Some of Leigh Hunt's poems - 'Mahmoud', 'Cambus Khan', 'Jaffar', 'The Bitter Gourd', 'Abou Ben Adhem', 'The Trumpets of Doolkarnien', and 'Abraham and the Fire-Worshipper' - stand apart for their distinctly Oriental colour and materials. Only for 'Abou Ben Adhem', however, has any Oriental source been conclusively established, through a series of articles involving Mrs James Fields, Myoga, Edward M. Borrajo, Ernest E. Leisy, and Thomas O. Mabbott.(1)

The aim of the present note is to draw attention to the close similarity between Hunt's 'Abraham and the Fire-Worshipper' (1850) and Tale 20, 'God rebukes Abraham for harshness to a Fire-Worshipper', in the Bustan of the Persian poet Sadi (1213-92). The Bustan, a collection of moral tales, had been translated into English by John Chardin and appended to his Travels ... into Persia and the East Indies (London, 1691).

Both Sadi's Tale and Hunt's poem relate how God admonished the prophet Abraham for denying, out of his religious fervour, hospitality to a Fire-Worshipper (Zoroastrian) who had refused to affirm God's Oneness and His beneficence. While Hunt's 'Abraham and the Fire-Worshipper' drives its plot, action, dramatis personae, and didactic content from Sadi's Tale, it displays a far greater artistic ingenuity in its development of dramatic effect and intense human drama. In particular, unlike Sadi's essentially straight forward parable, 'Abraham and the Fire-Worshipper' succeeds in evoking sympathy for the recalcitrant Fire-Worshipper and in projecting Abraham's gradual self-awakening and regeneration.

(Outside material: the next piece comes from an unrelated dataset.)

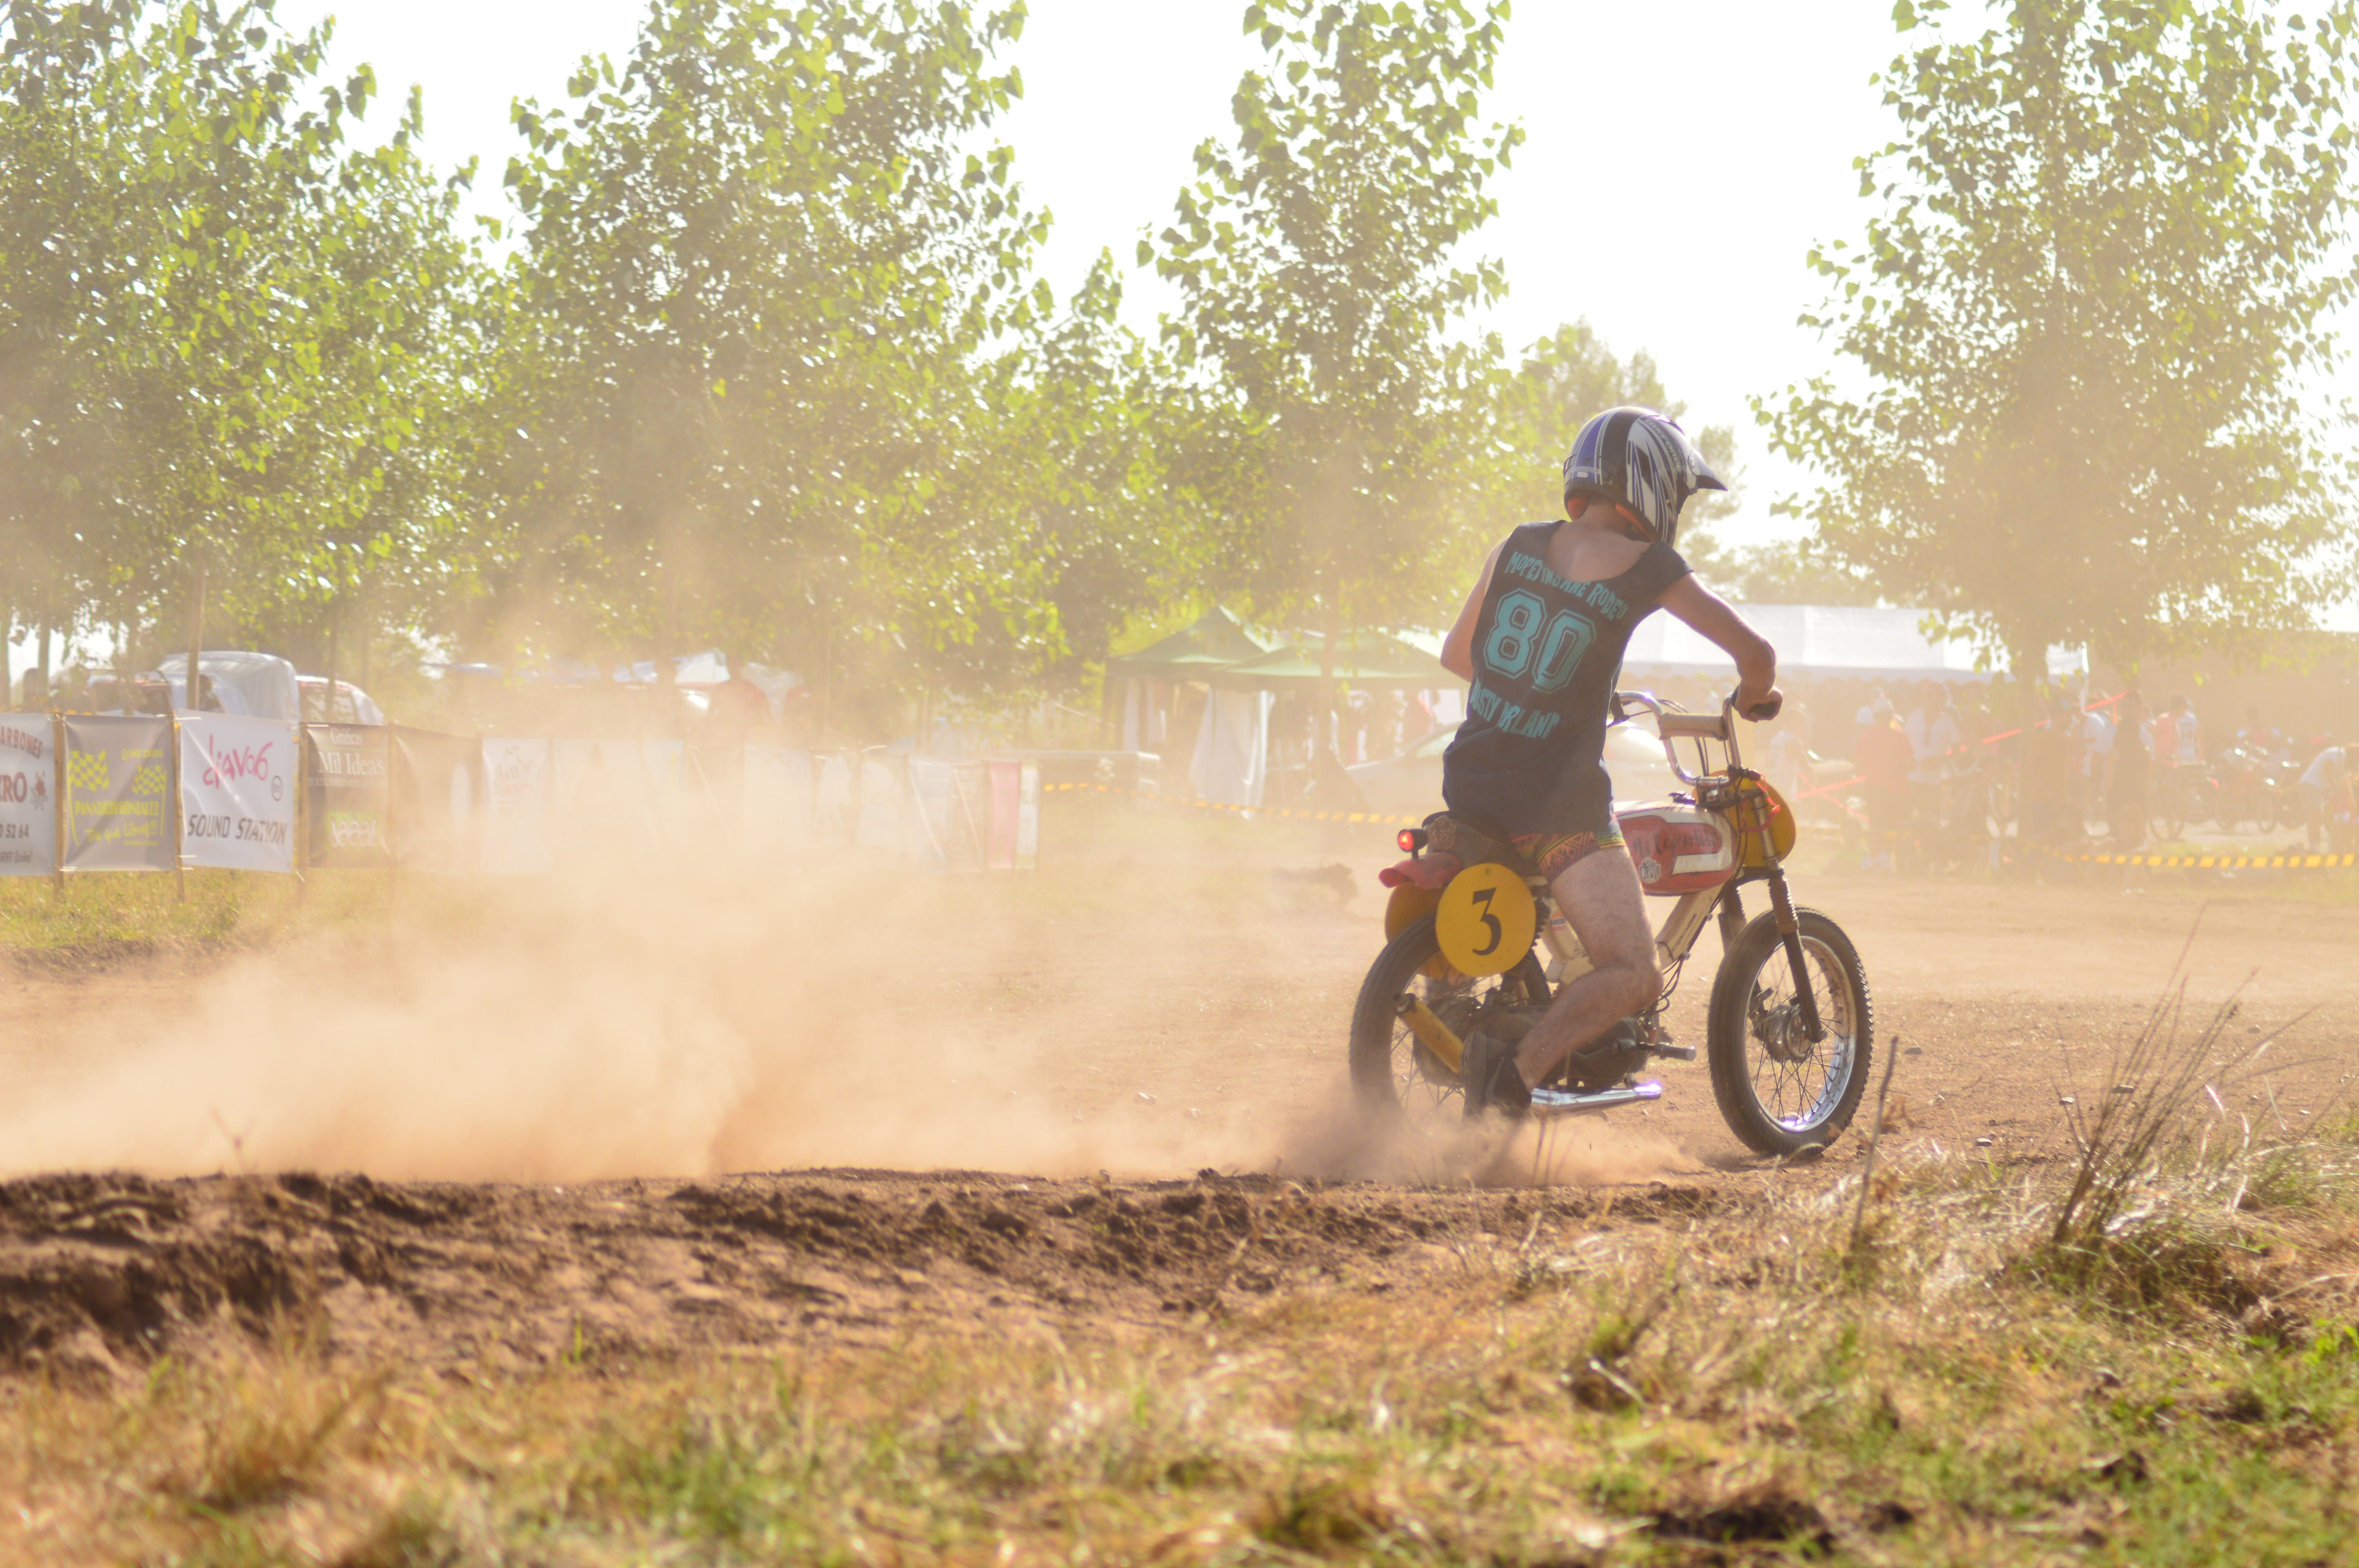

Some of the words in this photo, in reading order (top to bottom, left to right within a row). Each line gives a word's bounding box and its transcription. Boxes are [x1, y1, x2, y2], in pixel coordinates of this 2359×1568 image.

Notwithstanding the unmistakable affinity between the two texts, it is, however, difficult to say whether Hunt borrowed the material for his poem directly from Sadi, available to him in Chardin's translation. For this fable of Sadi had reached Western literary Orientalism at a much earlier date by another route. J. D. Yohannan recounts in rich detail the 'curious history' of Sadi's fable gaining currency in the West:

The apologue [relating to Abraham and the Fire-Worshipper] had been cited by the Dutch Orientalist Gentius in the preface of his Historia Judaica (1651), where it was attributed to one 'Sadus', whose nationality was left unmentioned. Jeremy Taylor, the English divine, reading this 'Jews' Book', as he called it, took up the parable and translated it into English at the end of the second edition of his Discourse of the Liberty of Prophesying.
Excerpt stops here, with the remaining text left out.